Here's a few things you should not plant if you live in an area where these plants are considered invasive. To learn more about invasive species and what you should avoid in your area, visit www.Invasives.org and read Doug Tallamy's book, Bringing Nature Home.
#1 Norway Maple:
Contrary to its name, the Norway Maple first arrived in America from England in 1756. It's dense shade is appealing for homeowners and it's widely adaptable. So it quickly became popular in both cities, towns and rural areas. The problem is that it's become a common part of the landscape and displaced many native species. The Norway Maple can quickly make a yard shady and look like it's full of life. In reality, this invasive tree can quickly make a yard an ecological dead zone. My own yard is full of Norway Maples. With its shallow water-hogging roots and dense shade, nothing else can grow underneath it. It displaces other native maple trees and native wildflowers. The worst part is that it supports very few native insect species. This doesn't sound like a big deal until you consider that 70% of insects on the Eastern Seaboard have disappeared. An invasive Norway Maple supports only 7 species of caterpillars and butterflies. A native Burr Oak tree supports over 517 species!! That kind of habitat displacement leads us into a modern silent spring that rival the consequences of toxic pesticides like DDT.
Plant Instead: Sugar Maple or Red Maple if you live within their native zones.
#2 Bradford Pear:
The Bradford Pear tree is native to Vietnam and China. While a beautiful, fast growing tree with lovely white flowers, the tree smells like a rotting corpse when in full bloom. It's widely popular as a street tree and is still sold in some stores. The branches are very weak and crack and fall easily in storms or with ice. Worst of all, they are obliterating native landscapes. It is considered worse than kudzu and is expected be threatening local ecosystems in the United States for possibly the next 100 years or more. Once thought to be sterile, the trees are reproducing prolifically by cross-breeding with other pear trees. The offspring are incredibly thick and thorny and must be removed by heavy tractor equipment. They choke out native species of pines, dogwoods, maples, redbuds, and oaks.

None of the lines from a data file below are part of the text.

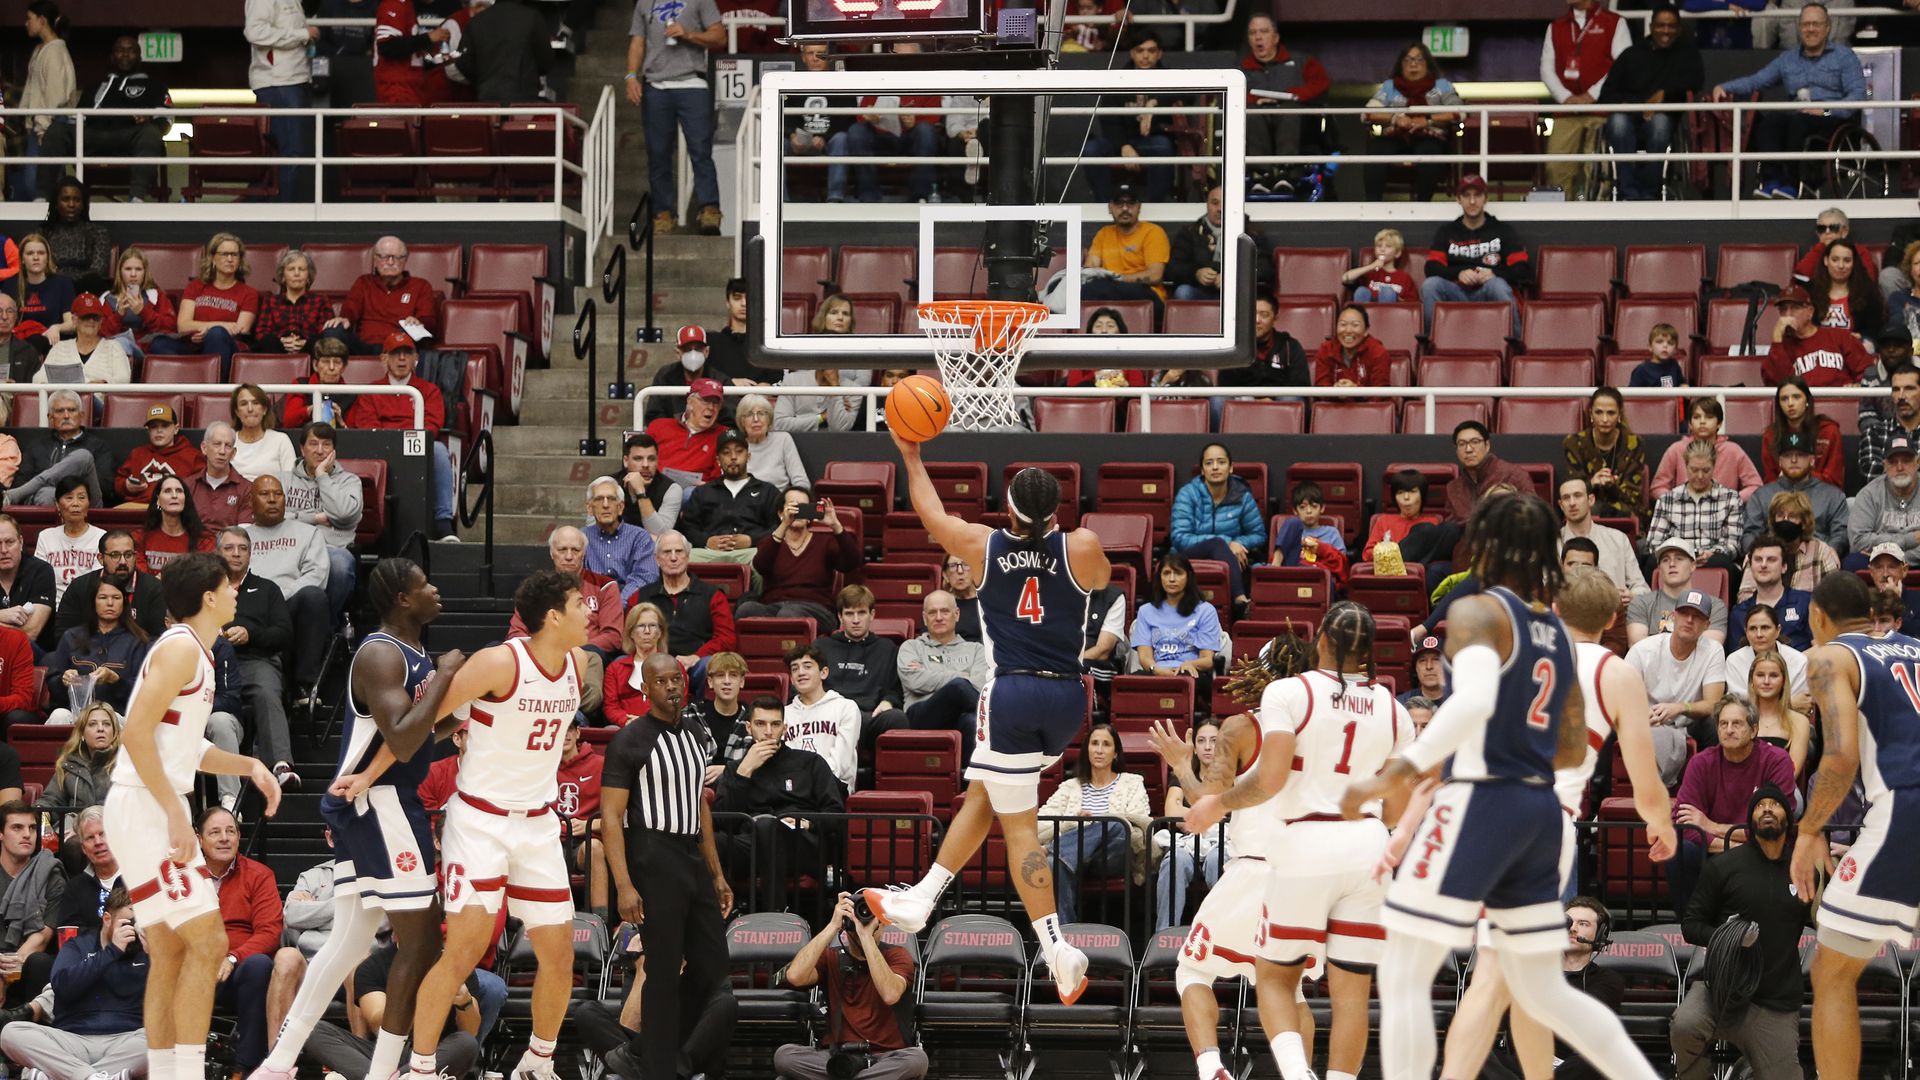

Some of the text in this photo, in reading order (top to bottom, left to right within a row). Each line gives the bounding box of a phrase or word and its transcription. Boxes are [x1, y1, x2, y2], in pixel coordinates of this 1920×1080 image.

[145, 33, 177, 58] EXIT
[722, 73, 745, 99] 15
[1448, 237, 1501, 258] 49ERS
[626, 348, 649, 369] D
[601, 405, 620, 425] C
[406, 438, 422, 454] 16
[569, 462, 592, 481] B
[1016, 576, 1045, 624] 4
[1526, 656, 1557, 730] 2
[1889, 662, 1920, 715] 1
[518, 697, 577, 713] STANFORD
[1331, 691, 1375, 716] BYNUM
[526, 718, 562, 751] 23
[783, 720, 838, 742] ARIZONA
[802, 737, 817, 752] A
[1333, 720, 1358, 775] 1
[1413, 803, 1454, 880] CATS
[733, 930, 803, 945] STANFORD
[944, 932, 1014, 947] STANFORD
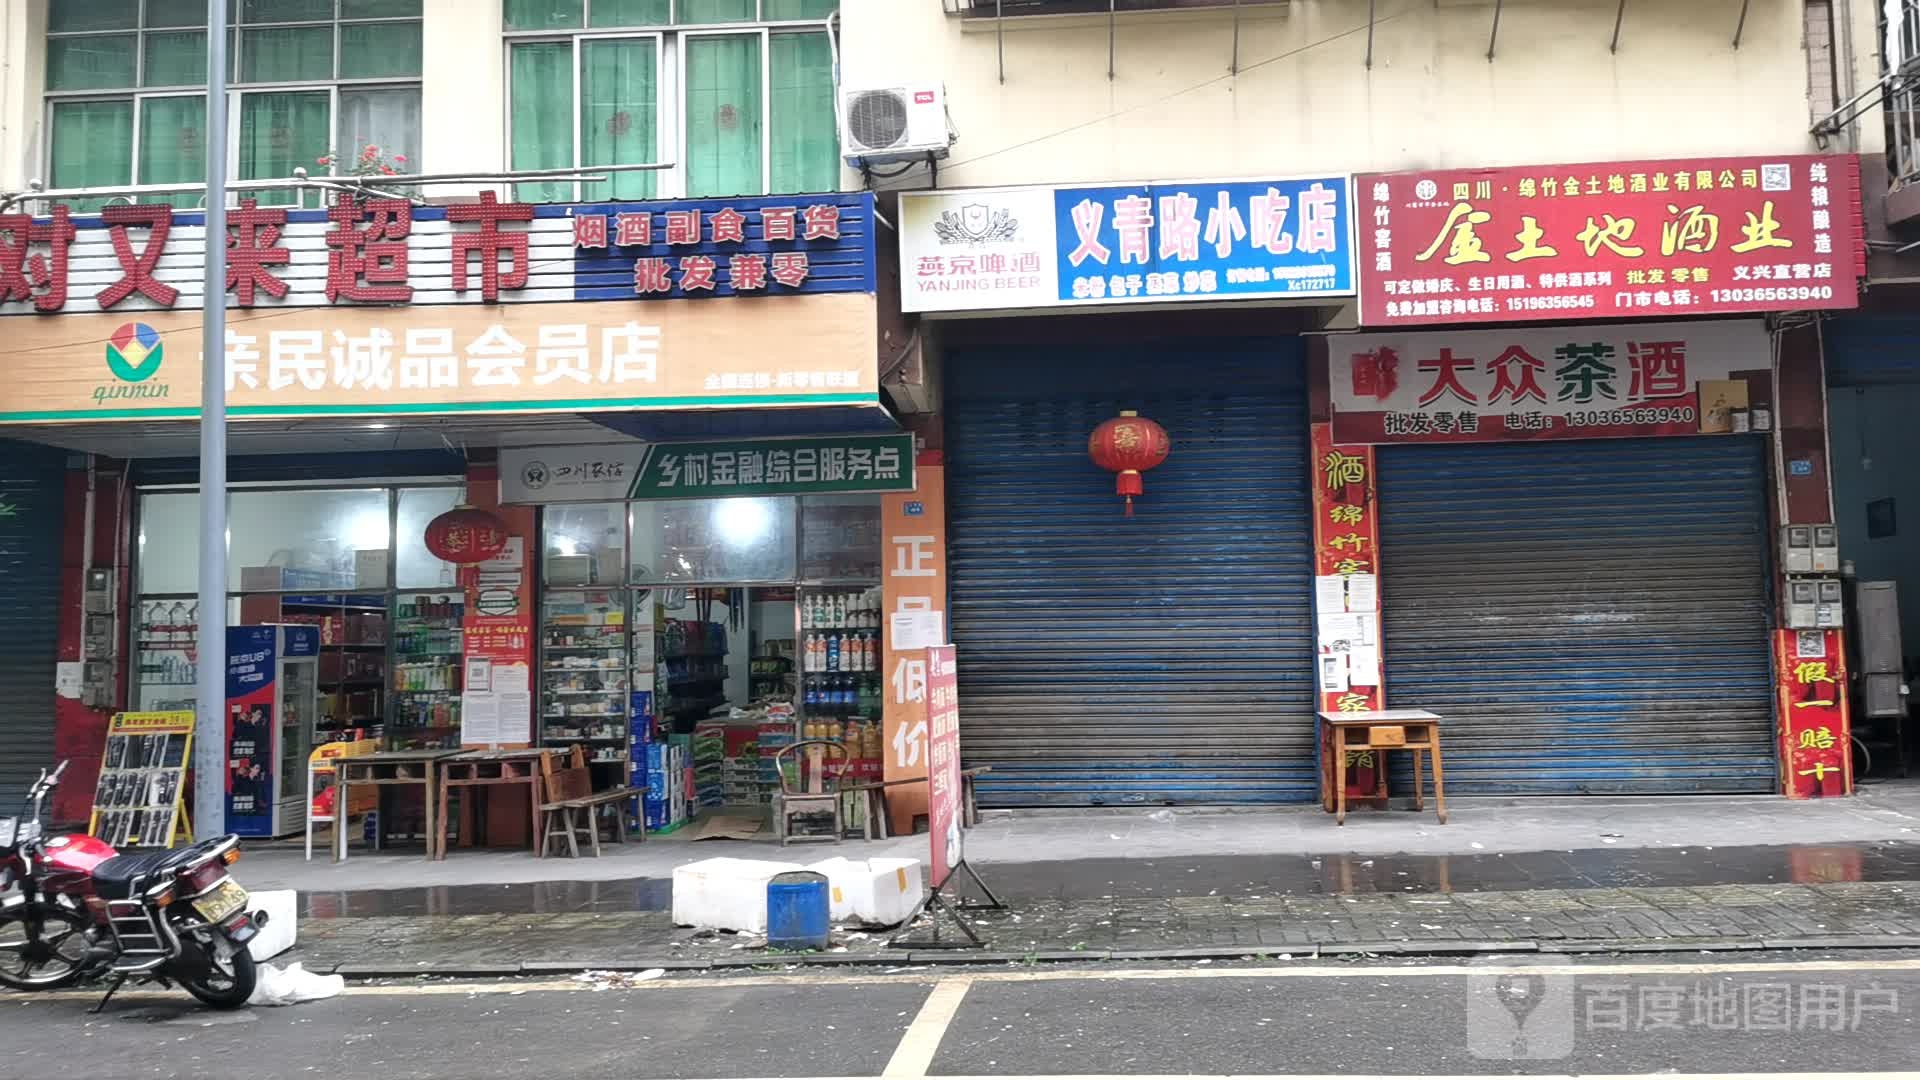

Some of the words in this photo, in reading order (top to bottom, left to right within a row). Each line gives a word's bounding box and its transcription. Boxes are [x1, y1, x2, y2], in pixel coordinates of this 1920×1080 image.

[1068, 182, 1337, 267] 义青路小吃店
[1372, 182, 1392, 272] 绵竹窖酒
[1809, 162, 1832, 254] 纯粮酿造
[1416, 201, 1793, 265] 金土地酒业
[634, 253, 808, 294] 批发兼零
[917, 251, 1041, 276] 燕京啤酒
[918, 278, 989, 291] YANJING
[995, 276, 1041, 289] BEER
[1733, 263, 1832, 281] 义兴直营店
[91, 378, 169, 405] qinmin
[1417, 340, 1687, 406] 大众茶酒
[1386, 410, 1478, 433] 批发零售
[657, 446, 901, 487] 乡村金融综合服务点
[1793, 661, 1840, 781] 假一赔十
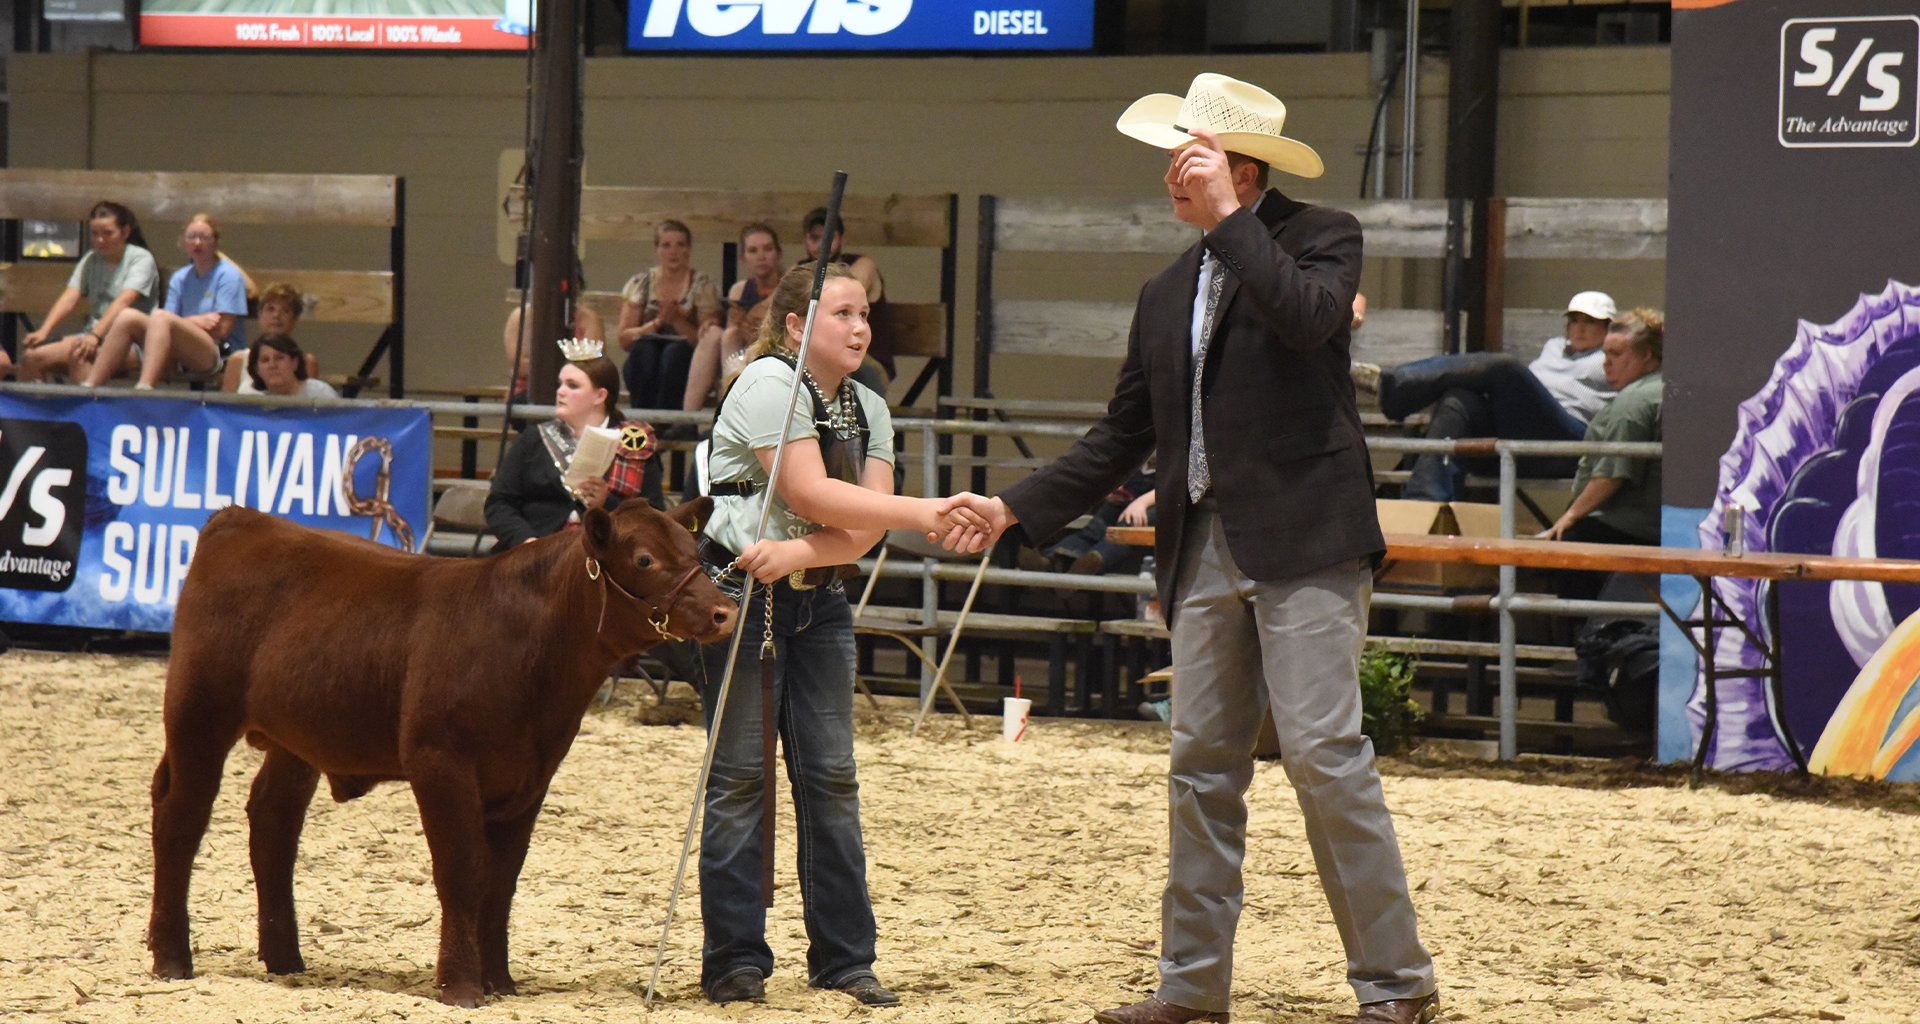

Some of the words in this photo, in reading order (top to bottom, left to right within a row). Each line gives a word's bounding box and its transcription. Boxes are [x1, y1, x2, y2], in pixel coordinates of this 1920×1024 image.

[236, 24, 269, 41] 100%
[269, 24, 300, 41] Fresh
[311, 25, 343, 42] 100%
[345, 25, 375, 42] Local
[386, 25, 419, 42] 100%
[974, 10, 1048, 35] DIESEL
[1793, 27, 1904, 112] S/S
[1786, 116, 1816, 133] The
[1819, 116, 1908, 136] Advantage
[107, 424, 358, 517] SULLIVAN
[0, 549, 72, 582] dvantage

The Blue Gum Eucalyptus is California's most famous invasive plant. Just typing these words I can imagine the luxurious smell of Eucalyptus. It smells like California. Brought from Tasmania to California during the Gold Rush, the Eucalyptus grows extraordinarily fast - much faster than its counterpart in its native Australia. They soak up a huge amount of groundwater. While beneficial in the 1800s for drying up a wetland, this adaptation is detrimental to the drought stricken state. Much of the state's native species have succumbed to the proliferation of the Eucalyptus. The tree is extremely disruptive to the natural fire cycle. The oily leaves are fuel for wildfire. The tree canopies easily burst into flames and spread fire more rapidly than it would through a native landscape. Sadly, the Eucalyptus has an exceptional ability to re-sprout after a fire. The fire actually strengthens the trees ability to grow on the land, further out-competing natives.